Eleni Gemtou
National and Kapodistrian University of Athens, Greece.
ORCID: 0000-0002-8543-3555. Email: egemtos@phs.uoa.gr.
Volume 13, Number 1, 2021 I Full Text PDF
DOI: 10.21659/rupkatha.v13n1.02
The Artistic Status of Bio-art
Abstract
This paper aims to define Bio-art by strengthening its artistic status through two distinct approaches. The first is based on the acceptance that the concept of Bio-art includes both the term “art” and the term “bio” that could stand for Biology, Biotechnology, and Bioethics. It is argued that despite its direct connection to scientific research, Bio-art is only partly linked to the methods of the pure science of Biology, while it stands closer to the technoscience of Biotechnology. However, while bio-artists often use scientific methods and techniques, they eventually focus on bioethical questions. To amplify the artistic status of bio-artworks, we claim that they are kinds of visual “enthymemes”, a term used by Aristotle to define incomplete rhetoric syllogisms linking all recipients to common questions.
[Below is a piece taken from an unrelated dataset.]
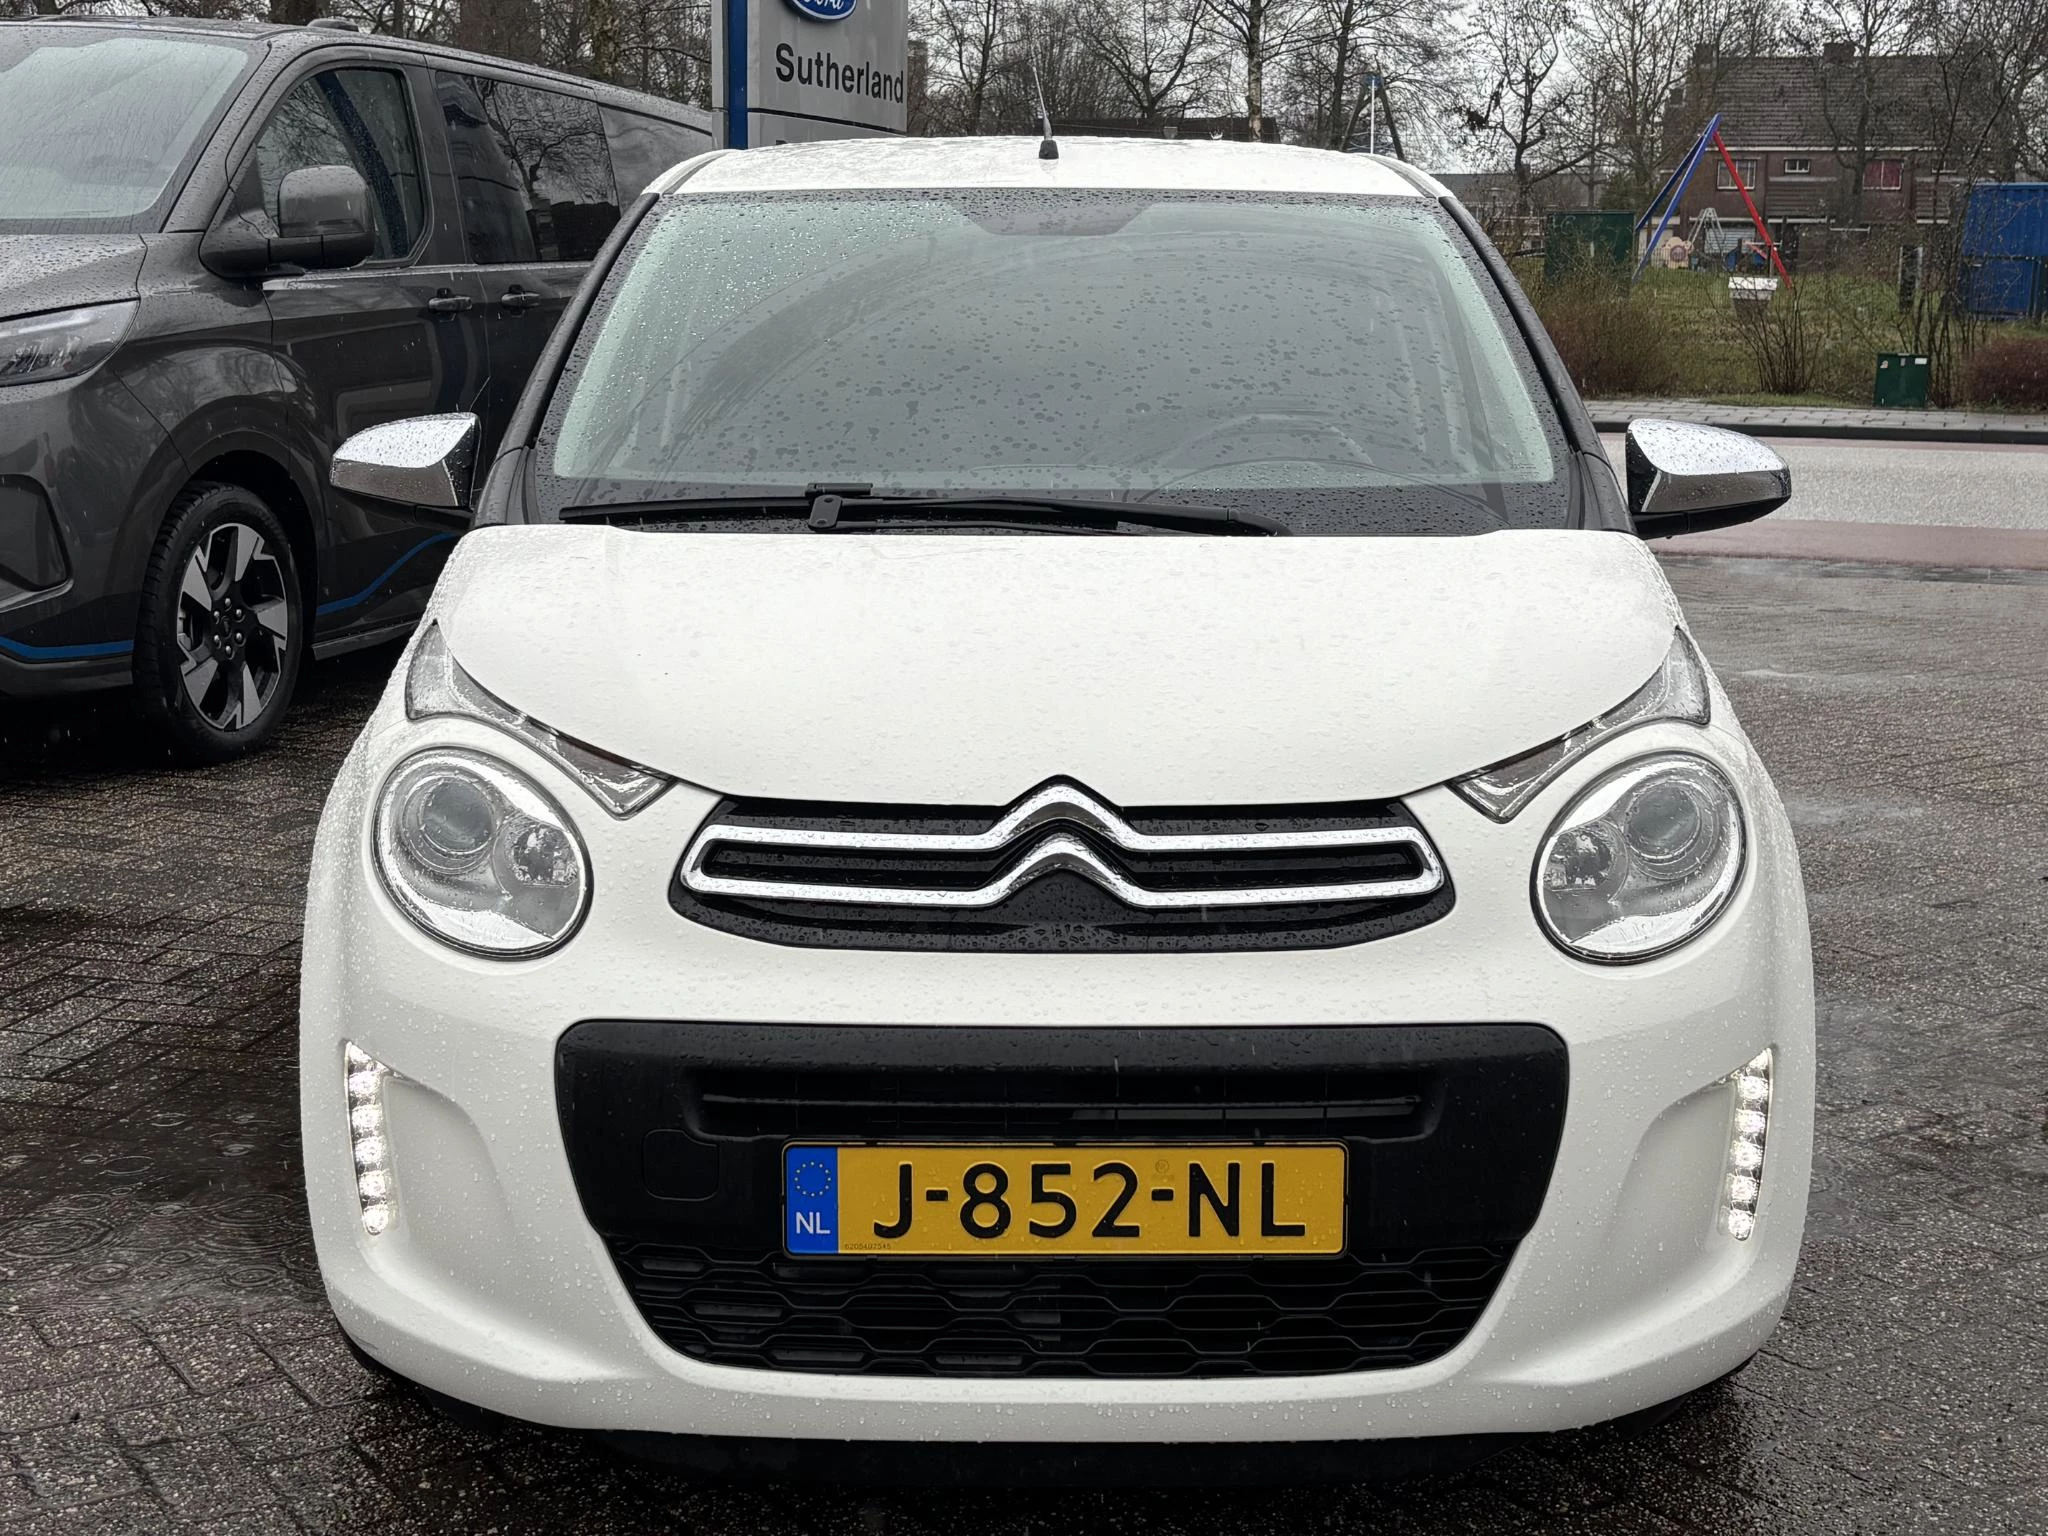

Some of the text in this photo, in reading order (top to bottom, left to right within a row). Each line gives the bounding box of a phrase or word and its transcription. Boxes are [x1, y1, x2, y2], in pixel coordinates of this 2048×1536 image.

Our second approach is developed around Levinson’s intentional-historical theory, showing that Bio-art belongs to the evolutionary narrative of art and artistic intentions. We allege interconnections of distinct features of bio-artworks with artworks of different eras that in the context of a retrospective view are to be understood as having paved the way for the emergence of Bio-art.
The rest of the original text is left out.